Feldmann § 223 Rn. 2).
§ 390 Satz 2 hat sich in der Praxis bewährt. Der Entwurf sieht daher keinen Anlass, Änderungen des bestehenden Rechts vorzunehmen. Der Entwurf übernimmt deshalb den Regelungsinhalt dieser Vorschrift in den neuen § 214 und dehnt lediglich den Anwendungsbereich der Vorschrift ausdrücklich auf das Zurückbehaltungsrecht mit einer verjährten Forderung aus. Auch damit wird aber keine Änderung des geltenden Rechts vorgesehen. Der Entwurf übernimmt nur, was in Rechtsprechung und Literatur bereits anerkannt ist. Da die Regelung die Wirkungen der Verjährung betrifft, soll sie in die hierauf bezogenen allgemeinen Vorschriften eingestellt werden. Nicht erforderlich erscheint es, die Vorschrift um eine Sonderregelung zu ergänzen, die das Zurückbehaltungsrecht bei der Geltendmachung von Rückgewähransprüchen nach Rücktritt vom Vertrag wegen Pflichtverletzung betrifft. Da diese Rückgewähransprüche nämlich nicht erst ab Rücktritt, sondern gemäß § 198 Abs. 3 bereits mit der Pflichtverletzung, wenngleich nicht vor Fälligkeit des Anspruchs auf die Hauptleistung zu verjähren beginnen, ist theoretisch denkbar, dass der Rücktritt erst nach Ablauf der Verjährungsfrist erfolgt. Der Rücktritt ist dann zwar wirksam, der Rückgewähranspruch des Rücktrittsberechtigten aber bereits zum Zeitpunkt der Entstehung verjährt, während der Gegenanspruch des Rücktrittsgegners unverjährt ist, weil er gemäß § 198 Abs. 1 erst ab Fälligkeit zu verjähren beginnt, also erst ab Rücktritt. Danach könnte der Rücktrittsgegner seinen Anspruch noch durchsetzen, der Rücktrittsberechtigte dagegen nicht mehr.

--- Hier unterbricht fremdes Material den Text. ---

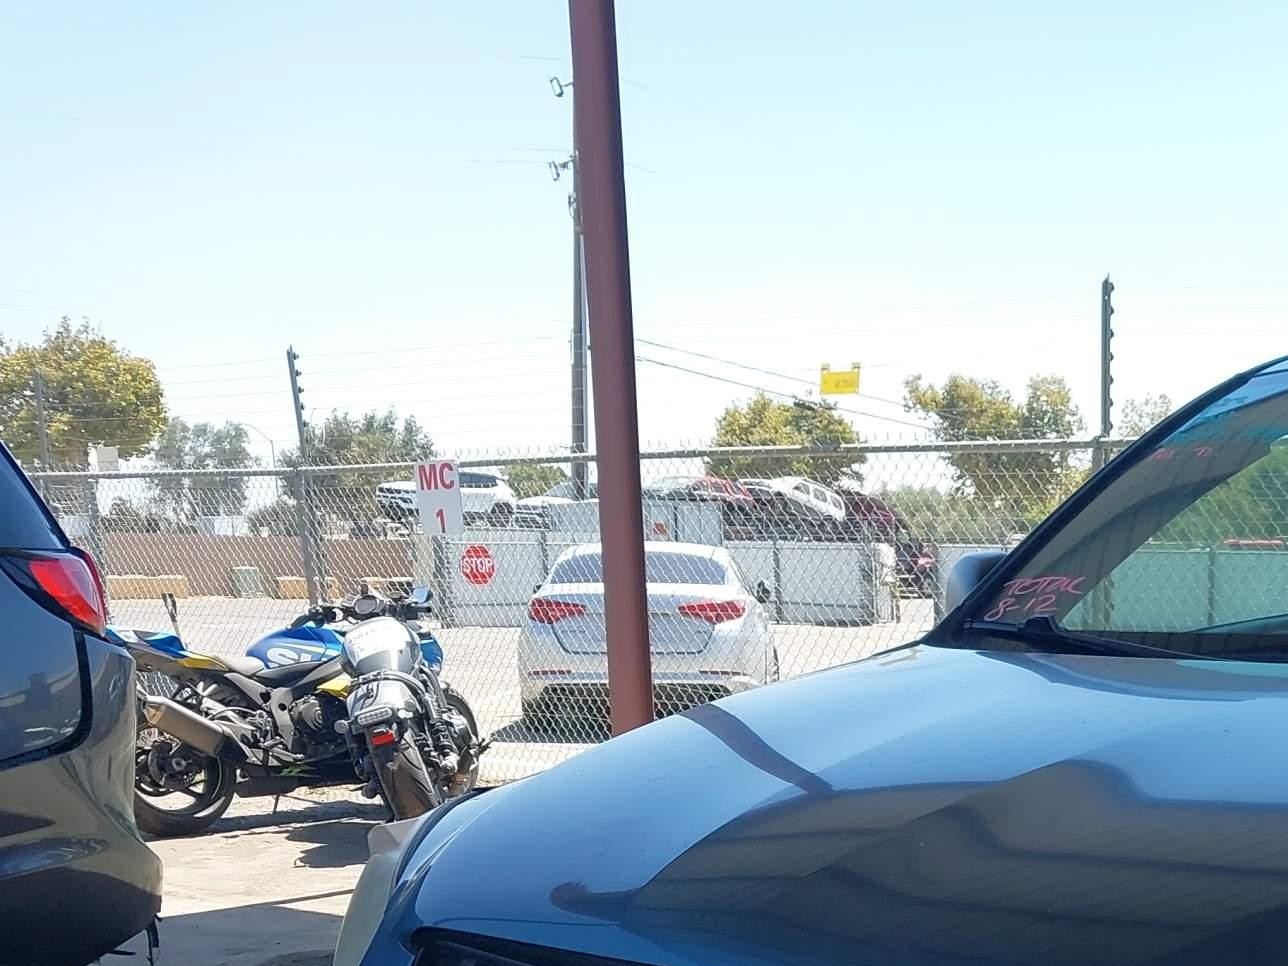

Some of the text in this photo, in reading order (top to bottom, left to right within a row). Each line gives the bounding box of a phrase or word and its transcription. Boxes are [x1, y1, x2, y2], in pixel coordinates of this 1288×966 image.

[418, 462, 455, 491] MC
[435, 508, 446, 534] 1
[462, 557, 494, 573] STOP
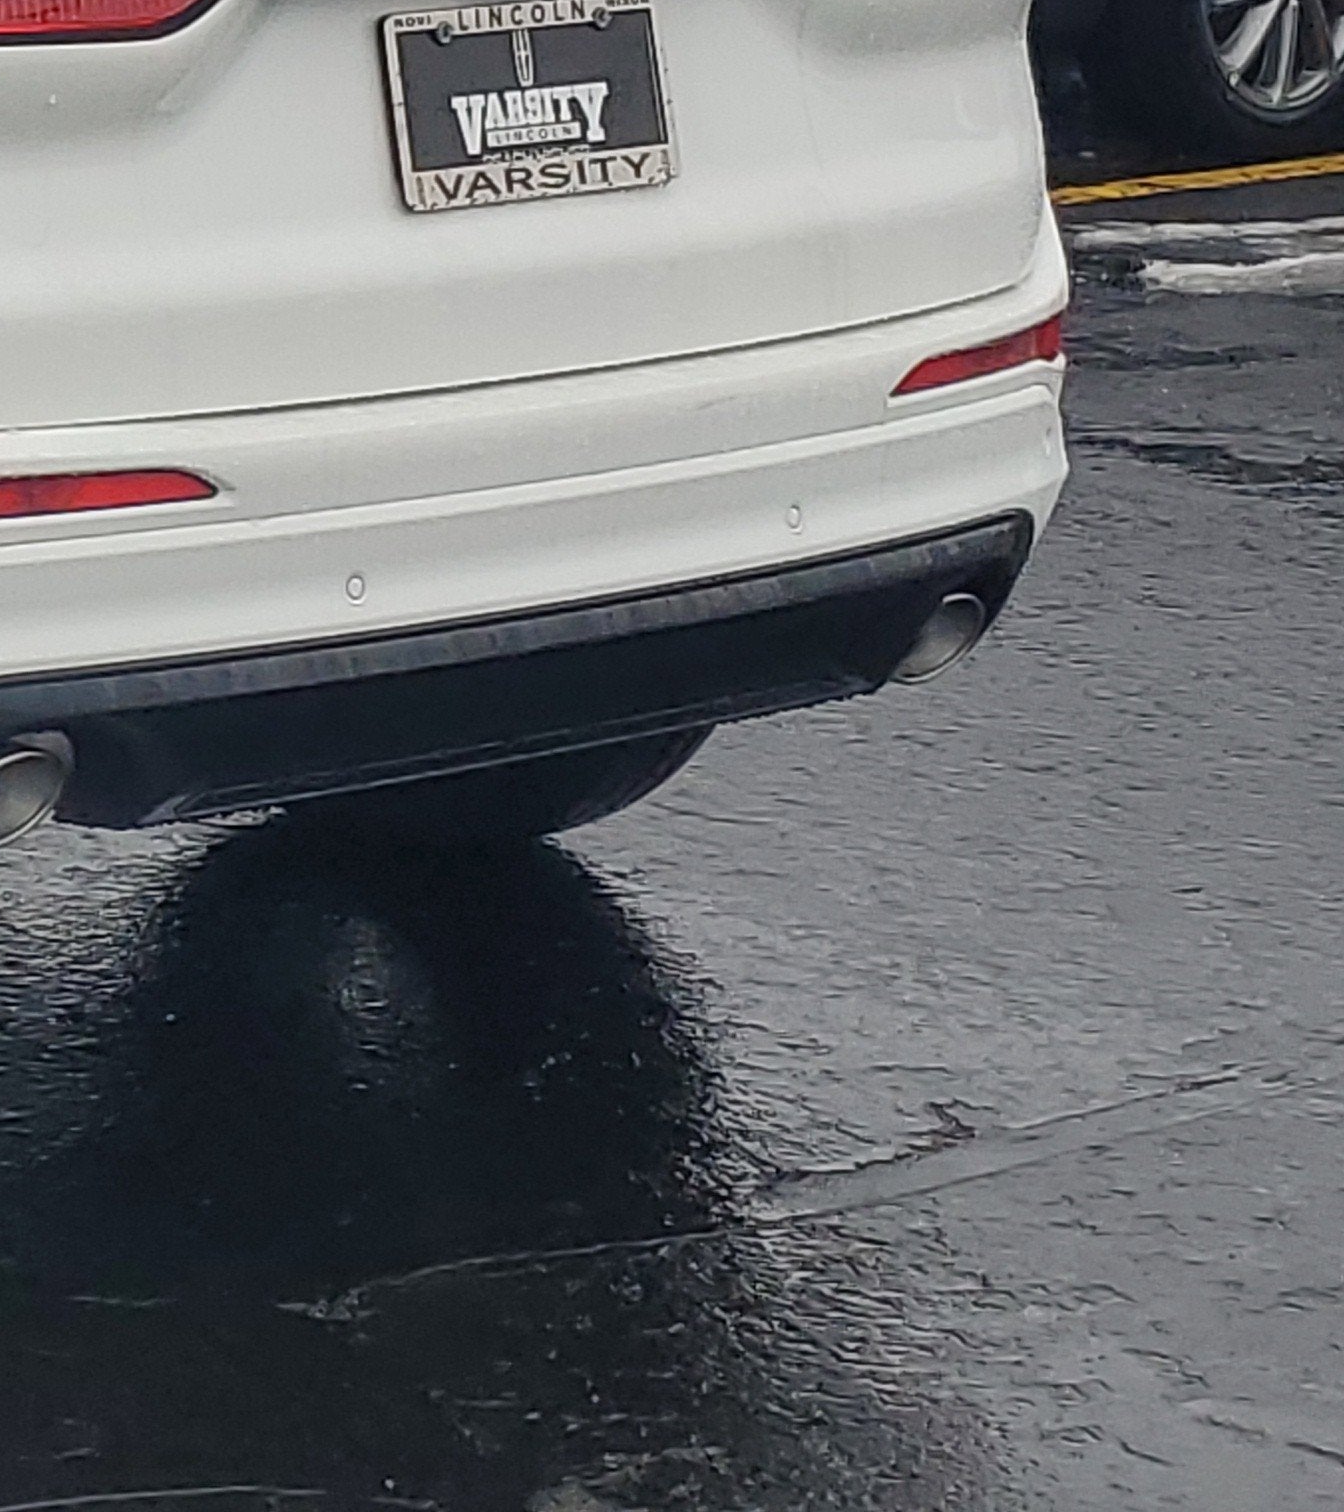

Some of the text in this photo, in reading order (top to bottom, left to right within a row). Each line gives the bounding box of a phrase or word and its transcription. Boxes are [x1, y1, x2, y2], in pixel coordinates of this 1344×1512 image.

[456, 0, 587, 31] LINCOLN
[450, 82, 609, 156] VARSITY
[495, 126, 572, 144] LINCOLN
[434, 151, 652, 201] VARSITY

Diese Fallgestaltung wird jedoch kaum eintreten, weil nach § 323 Abs. 3 Nr. 4 ein Rücktritt wegen Pflichtverletzung dann ausgeschlossen ist, wenn der Erfüllung der Pflicht eine Einrede entgegensteht, die vom Schuldner bereits erhoben worden ist oder unverzüglich nach der Rücktrittserklärung erhoben wird. Hat der Rücktrittsgegner die Einrede der Verjährung schon erhoben oder erhebt er sie unverzüglich, dann kommt es gar nicht zu Rückgewähransprüchen. Erhebt er die Einrede nicht, dann kann der Rücktrittsberechtigte seinen Rückgewähranspruch durchsetzen. Was verbleibt, sind die seltenen Fälle, in denen der Rücktritt erst nach Ablauf der dreijährigen Verjährungsfrist erklärt und noch zusätzlich die Verjährungseinrede nicht unverzüglich erhoben wird. Dieser Sonderfall bedarf keiner ausdrücklichen Regelung. Man wird in diesem Fall § 214 entsprechend auch auf § 348 anwenden können. Das bedeutet, dass trotz der Verjährung der Rücktrittsberechtigte einen etwaigen Rückgewähranspruch des Gegners nur Zug um Zug zu erfüllen verpflichtet ist.